The participants lounged around in their "colony", played volleyball and other games, and performed a quasi-religious "Sacrifice to the Sun God" five times a day. Fair attendees could pay for admission to bleacher-type seats, or they could peek through knotholes in a wooden fence for free. On August 27, 1936, the colony closed, allegedly "after an argument with Exposition officials about finances."

Contemporary newspaper accounts indicate the "colony" was composed of actual nudists, but local historian Matthew Alice has stated that the women were "wearing flesh-colored bras, G-strings, or body stockings so everything was zipped up tight."

Nate Eagle, a sideshow promoter who, with partner Stanley R. Graham, created the scandalous Zoro Garden nudist colony.
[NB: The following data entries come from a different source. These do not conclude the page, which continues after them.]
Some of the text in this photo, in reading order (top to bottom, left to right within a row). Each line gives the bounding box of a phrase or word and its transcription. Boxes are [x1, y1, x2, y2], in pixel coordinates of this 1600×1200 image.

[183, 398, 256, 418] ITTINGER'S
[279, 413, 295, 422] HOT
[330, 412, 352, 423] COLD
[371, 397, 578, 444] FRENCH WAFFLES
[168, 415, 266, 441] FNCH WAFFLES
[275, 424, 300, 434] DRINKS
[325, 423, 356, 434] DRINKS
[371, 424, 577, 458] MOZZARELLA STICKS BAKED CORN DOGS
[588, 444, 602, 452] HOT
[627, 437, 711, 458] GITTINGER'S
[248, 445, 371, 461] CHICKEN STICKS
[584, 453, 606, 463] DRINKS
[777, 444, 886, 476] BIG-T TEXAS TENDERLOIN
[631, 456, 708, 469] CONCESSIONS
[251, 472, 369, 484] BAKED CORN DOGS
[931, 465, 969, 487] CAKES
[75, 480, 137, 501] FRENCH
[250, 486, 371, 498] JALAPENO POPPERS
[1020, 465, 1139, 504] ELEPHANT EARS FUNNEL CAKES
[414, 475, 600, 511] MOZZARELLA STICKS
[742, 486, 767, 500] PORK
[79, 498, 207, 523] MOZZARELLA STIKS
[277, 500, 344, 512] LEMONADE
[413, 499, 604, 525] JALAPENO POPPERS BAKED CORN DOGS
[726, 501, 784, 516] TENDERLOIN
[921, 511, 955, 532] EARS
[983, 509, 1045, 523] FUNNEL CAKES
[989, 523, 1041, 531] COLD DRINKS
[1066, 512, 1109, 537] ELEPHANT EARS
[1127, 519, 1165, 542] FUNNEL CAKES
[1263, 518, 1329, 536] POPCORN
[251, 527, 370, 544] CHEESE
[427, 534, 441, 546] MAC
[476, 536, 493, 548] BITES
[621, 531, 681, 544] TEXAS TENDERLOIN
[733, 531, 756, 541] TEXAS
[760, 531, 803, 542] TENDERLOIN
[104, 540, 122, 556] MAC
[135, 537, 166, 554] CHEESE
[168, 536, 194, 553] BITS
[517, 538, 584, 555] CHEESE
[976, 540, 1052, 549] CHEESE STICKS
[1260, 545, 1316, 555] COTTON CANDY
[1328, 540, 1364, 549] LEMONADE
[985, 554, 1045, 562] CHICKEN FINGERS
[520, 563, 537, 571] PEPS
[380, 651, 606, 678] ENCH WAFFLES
Located in a sunken garden east of the Palace of Better Housing (today's Casa de Balboa), Zoro Garden was, according to the Zoro Garden program, "designed to explain to the general public the ideals and advantages of natural outdoor life." Topless women and bearded men in loincloths read books, sunbathed, and acted in pseudo-religious rituals to the Sun God. According to the program, "Healthy young men and women, indulging in the freedom of outdoor living in which they so devoutly believe, have opened their colony to the friendly, curious gaze of the public." The public's curious gaze quickly turned Zorro Garden into the Exposition's most lucrative outdoor attraction. Despite protests, Zorro Garden lasted for the entire run of the Exposition. The area is now the Zoro Butterfly Garden.
— Marshall, David (2008). "San Diego's Balboa Park"

==Controversy==
Protests came from the San Diego Council of Catholic Women, the Women's Civic Center and the San Diego Braille Club. In response the city manager announced that there would be no "indecent" shows in Balboa Park during the second season of the exposition, which opened in February 1936. However, the nudist colony was still there during the second season.

The San Diego County district attorney, Thomas Whalen, inspected the colony the day before the opening of the exposition in May 1935 and approved it. Next month, "amateur nudists" demanded that Whalen investigate the showgirls as frauds, but he declined. One of the Zorro women rode through the fairgrounds at Gold Gulch on a burro and was arrested, but she was "acquitted and rode again under police supervision."